***** DATA SECTION *****

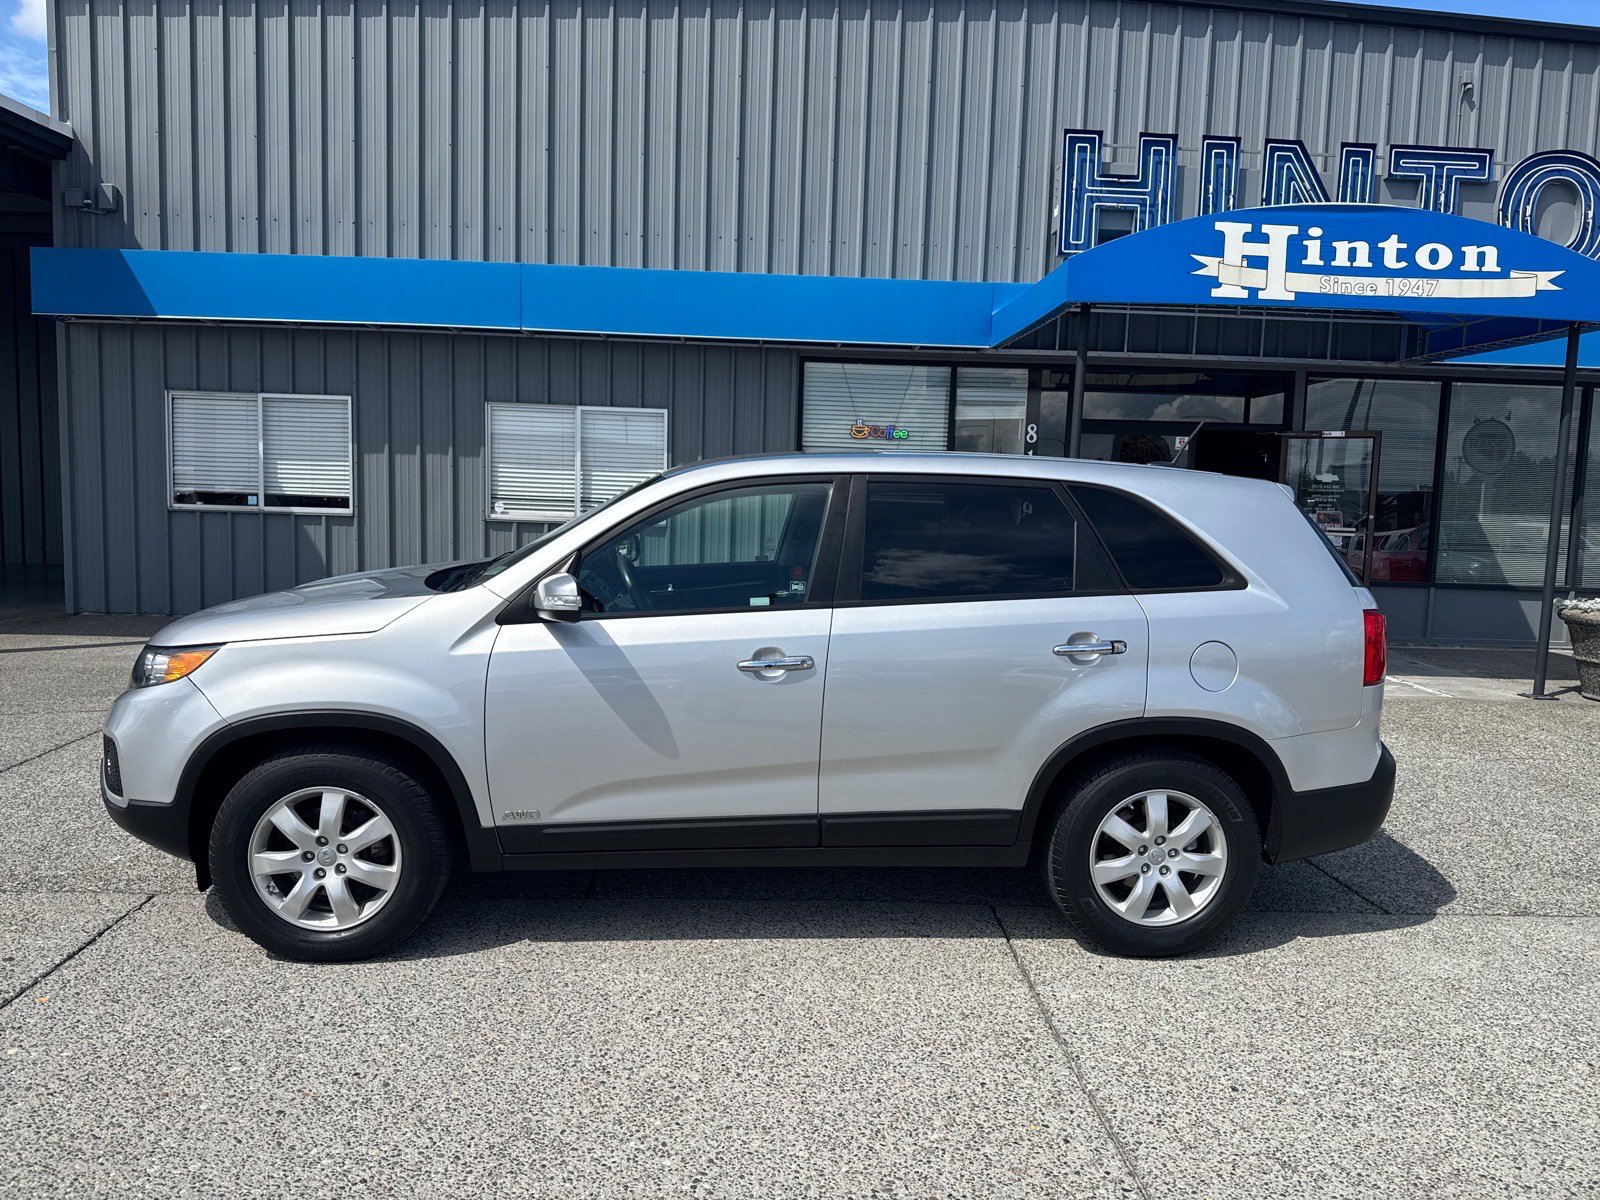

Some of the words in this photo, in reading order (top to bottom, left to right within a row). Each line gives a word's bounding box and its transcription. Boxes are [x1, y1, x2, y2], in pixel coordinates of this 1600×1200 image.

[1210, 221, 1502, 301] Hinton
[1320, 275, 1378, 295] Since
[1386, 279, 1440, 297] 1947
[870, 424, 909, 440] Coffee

*****

Across the whole listing, reproduce each line verbatim and exclude every picture.

Some of the words in this photo, in reading order (top to bottom, left to right within a row). Each line gives a word's bounding box and its transcription. Boxes are [x1, y1, x2, y2], in pixel coordinates of this 1600×1200 image.

[1210, 221, 1502, 301] Hinton
[1320, 275, 1378, 295] Since
[1386, 279, 1440, 297] 1947
[870, 424, 909, 440] Coffee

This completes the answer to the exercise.